Collected data
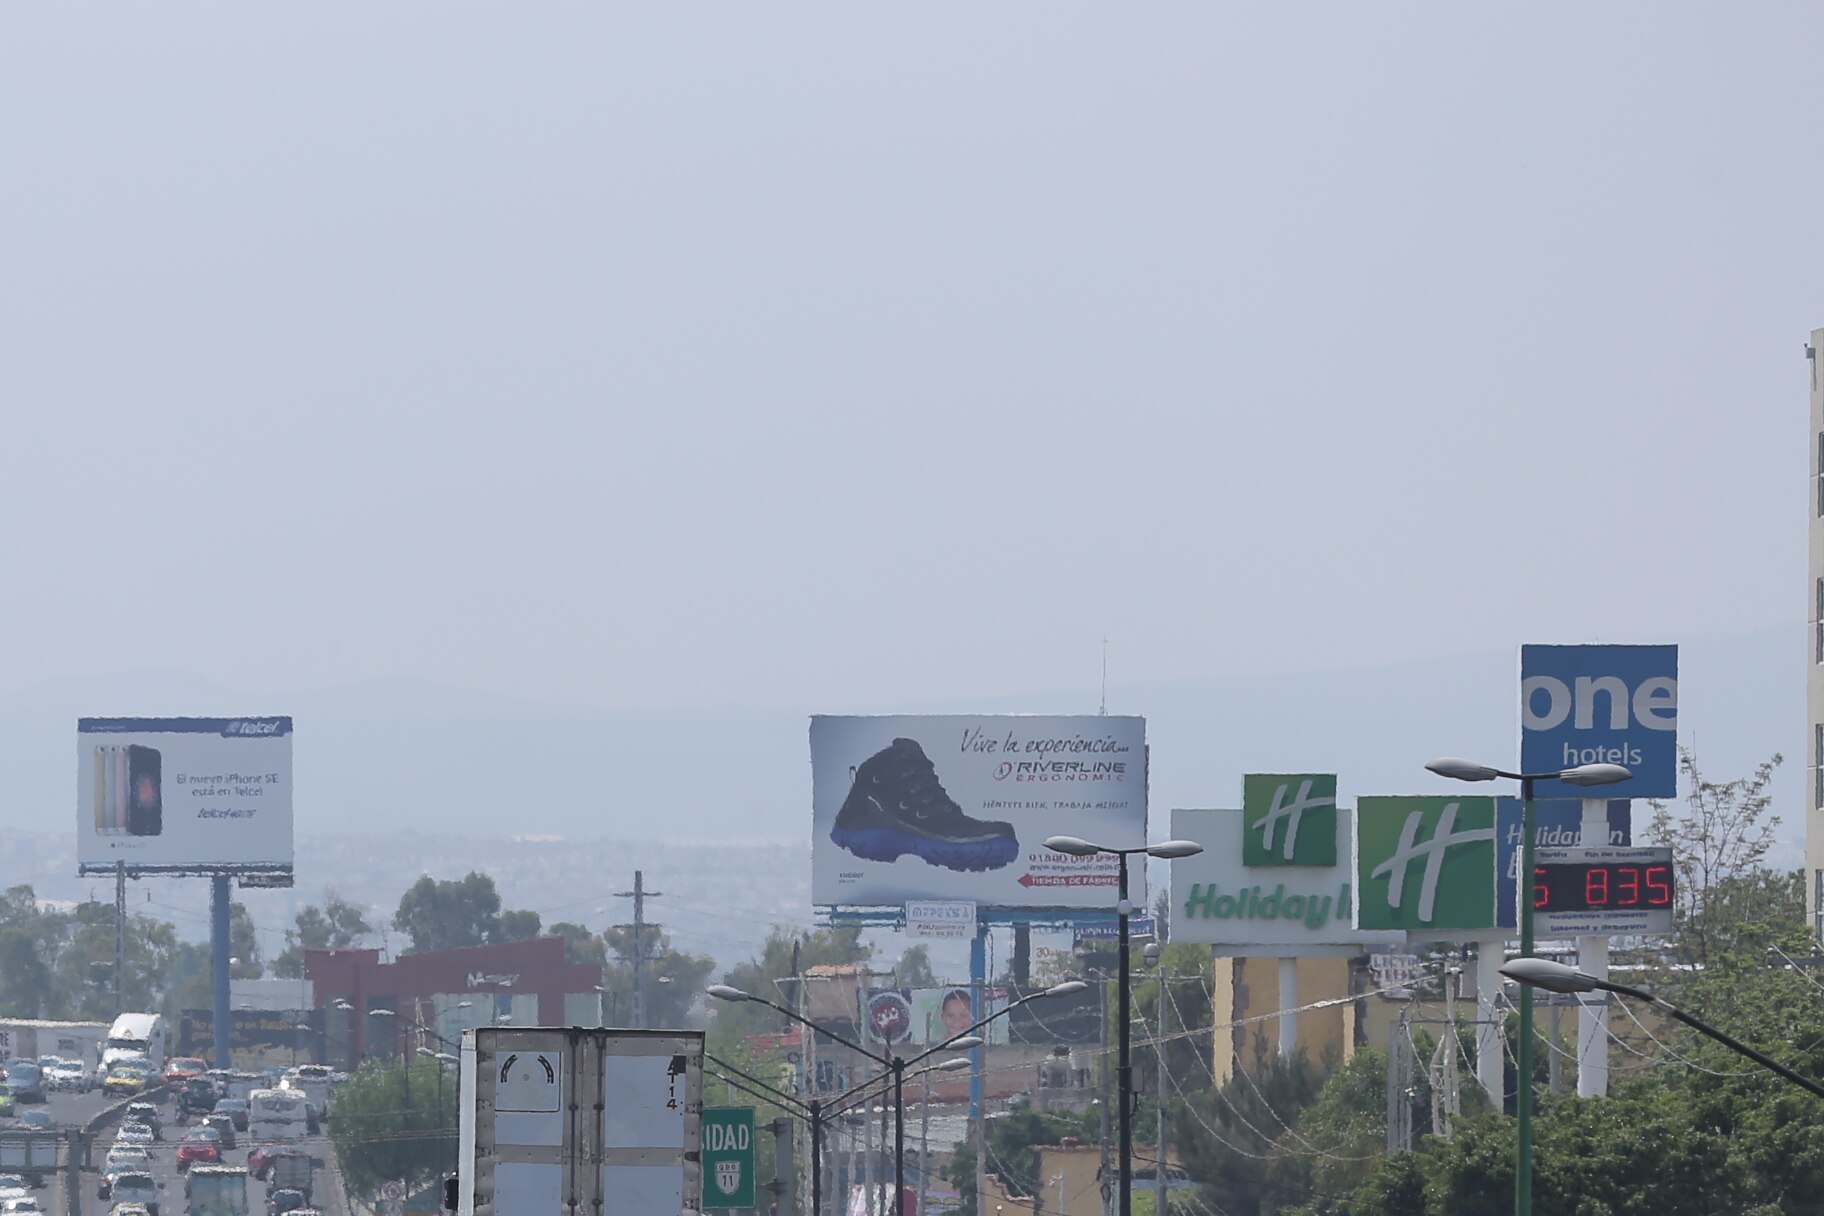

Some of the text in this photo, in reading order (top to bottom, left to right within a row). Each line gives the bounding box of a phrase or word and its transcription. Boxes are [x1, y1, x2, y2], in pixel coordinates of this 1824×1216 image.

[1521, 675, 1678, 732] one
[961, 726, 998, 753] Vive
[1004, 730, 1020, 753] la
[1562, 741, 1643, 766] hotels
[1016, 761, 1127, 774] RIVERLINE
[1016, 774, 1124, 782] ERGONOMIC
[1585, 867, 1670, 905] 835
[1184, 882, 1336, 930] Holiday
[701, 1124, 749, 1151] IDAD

Task item.
Copy every record verbatim while leaving each picture out.

Result.
Some of the text in this photo, in reading order (top to bottom, left to right within a row). Each line gives the bounding box of a phrase or word and its transcription. Boxes are [x1, y1, x2, y2], in pixel coordinates of this 1824×1216 image.

[1521, 675, 1678, 732] one
[961, 726, 998, 753] Vive
[1004, 730, 1020, 753] la
[1562, 741, 1643, 766] hotels
[1016, 761, 1127, 774] RIVERLINE
[1016, 774, 1124, 782] ERGONOMIC
[1585, 867, 1670, 905] 835
[1184, 882, 1336, 930] Holiday
[701, 1124, 749, 1151] IDAD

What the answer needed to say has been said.